I have become more conscious of this, and it has improved my relationship with both of them, especially my daughter. I did simple things like remaining calm when upset, praising good deeds more often than criticizing mischief, and identifying the underlying need that prompts the behavior. This one is the most important.

So often we punish our kids immediately for misbehavior (I am pretty sure I read somewhere that you should!). However, if we take a few minutes to talk, think and process the situation, we often see the big picture and realize there was a need that caused the behavior. Sometimes they’re hungry; sometimes they’re tired.
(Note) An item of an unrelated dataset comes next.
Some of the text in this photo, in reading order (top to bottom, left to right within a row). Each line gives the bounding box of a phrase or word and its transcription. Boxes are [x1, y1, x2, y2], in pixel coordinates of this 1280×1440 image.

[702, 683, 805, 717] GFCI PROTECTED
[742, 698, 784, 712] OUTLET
Often, they just need attention.

If a child is being obnoxious for the sake of someone paying attention to them, and then that someone yells at them or punishes them, they certainly are not going to feel loved in that moment.

It was such a critical goal in our minds to make sure that our “traumatized child” knew that he was always loved and safe, but especially when he was in trouble, so we approached him with much more patience and gentleness than was natural. But then when the other two kids misbehaved (often as a way to get our attention), we were slap out of grace.
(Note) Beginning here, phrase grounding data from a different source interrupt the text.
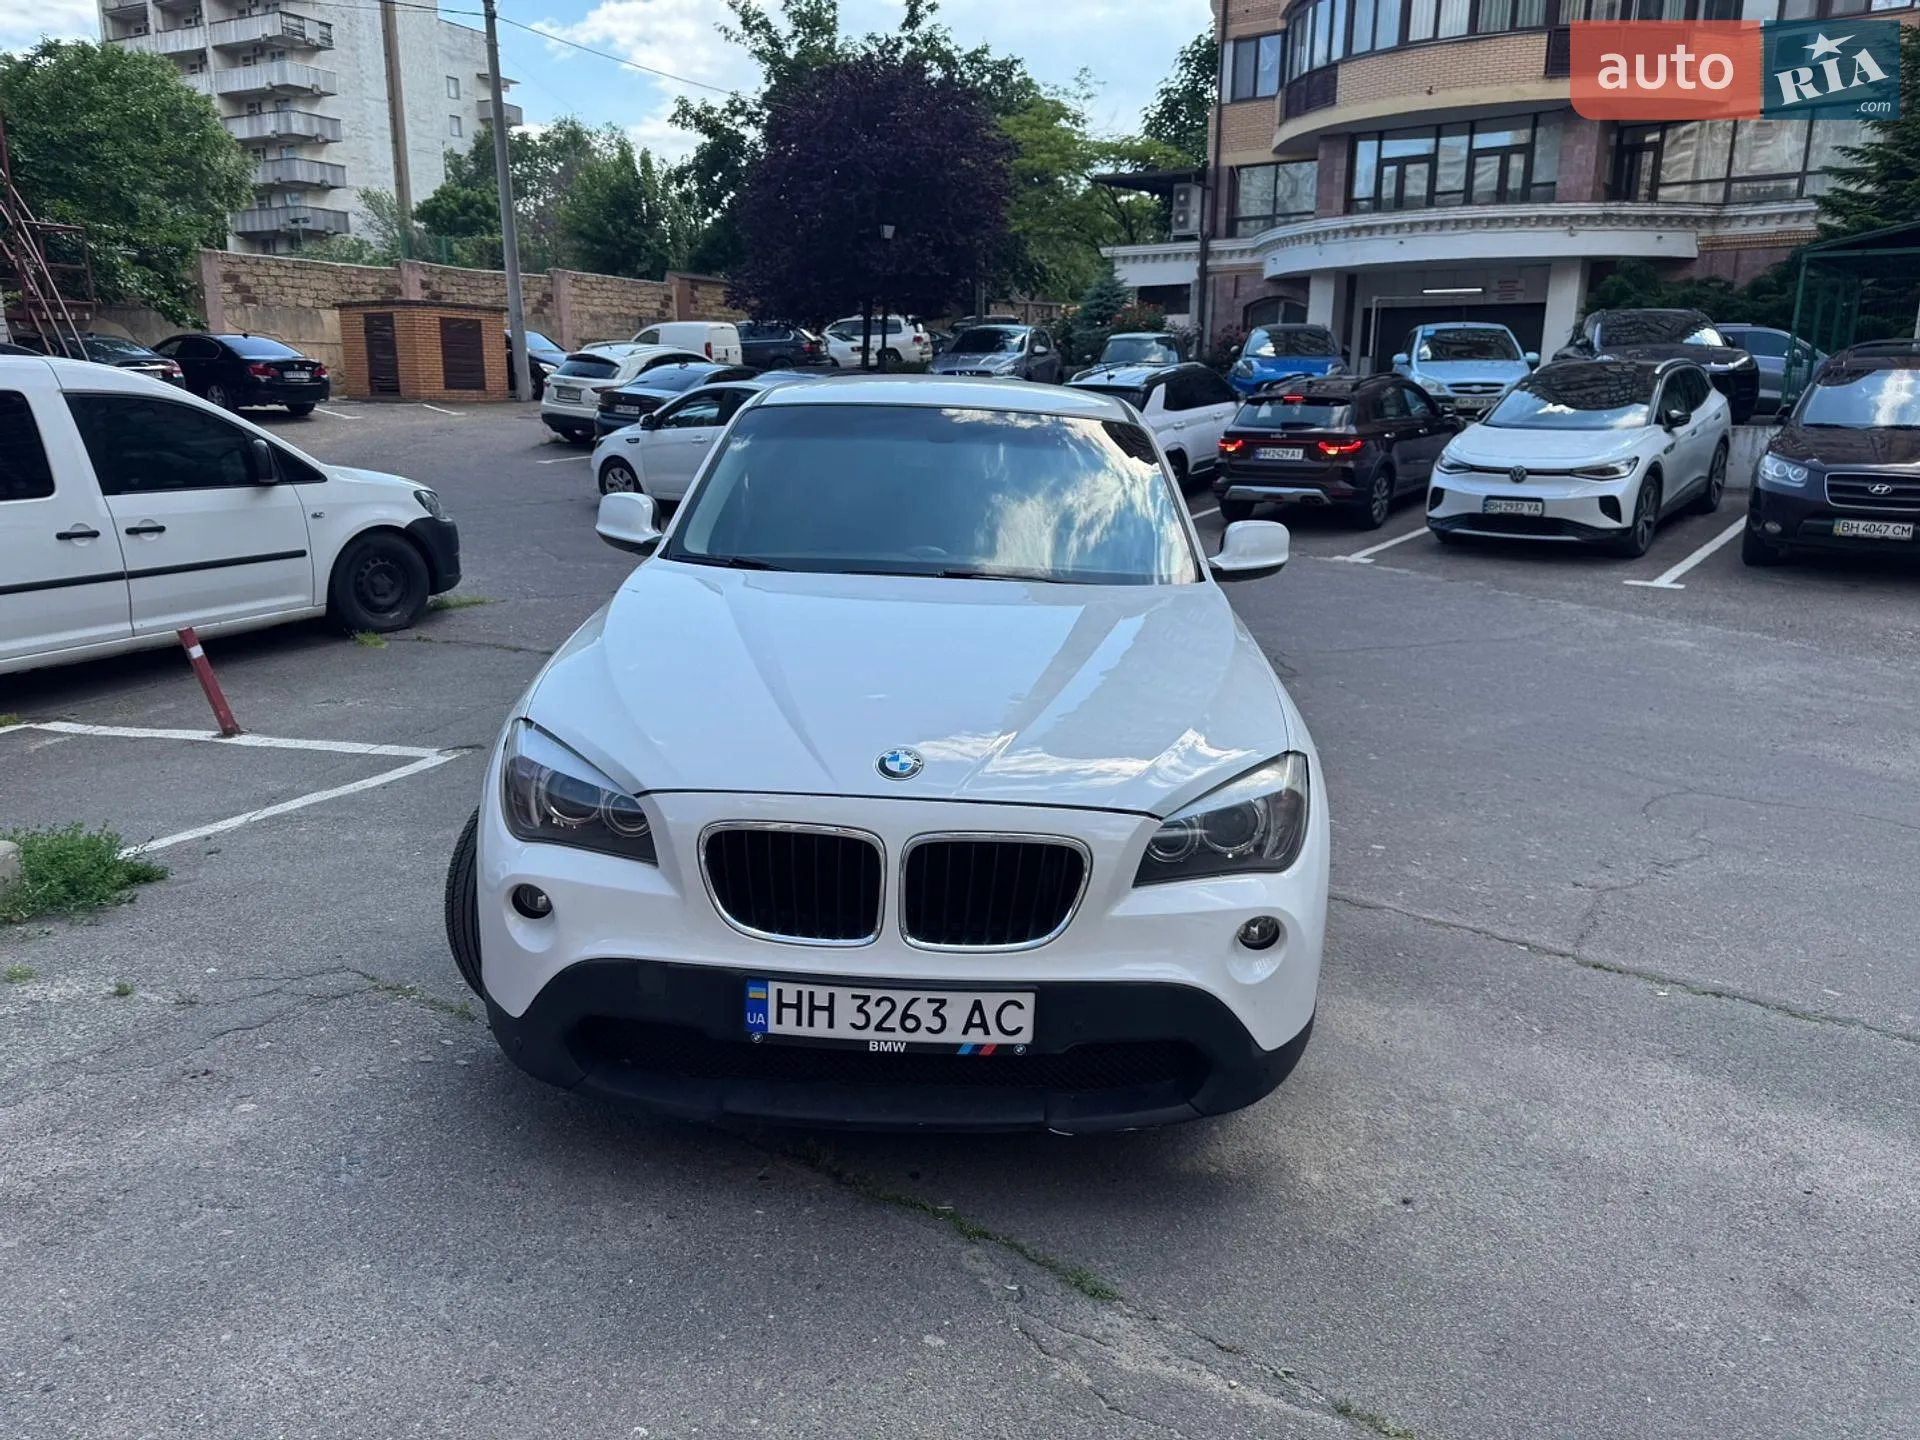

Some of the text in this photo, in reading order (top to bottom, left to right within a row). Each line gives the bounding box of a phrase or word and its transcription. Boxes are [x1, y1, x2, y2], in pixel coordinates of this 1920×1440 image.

[1488, 502, 1502, 512] BH
[1503, 502, 1525, 512] 2937
[1841, 521, 1911, 536] BH 4047 CM
[747, 1012, 766, 1025] UA
[776, 988, 1025, 1037] HH 3263 AC
[869, 1041, 906, 1053] BMW
This was wrong and unfair.

So we have changed our parenting style to keep connection, felt safety, and a loving environment as a goal for all of our kids. This is new for us, but I find that there is much more joy in this style of parenting and, for the most part, we have happier children.

The more they are connected to us and feel loved by us, the more they want to please us. We still have plenty of issues and sibling disputes in our home, but much less yelling and punishment. And hopefully we have kids who know that they are loved no matter what.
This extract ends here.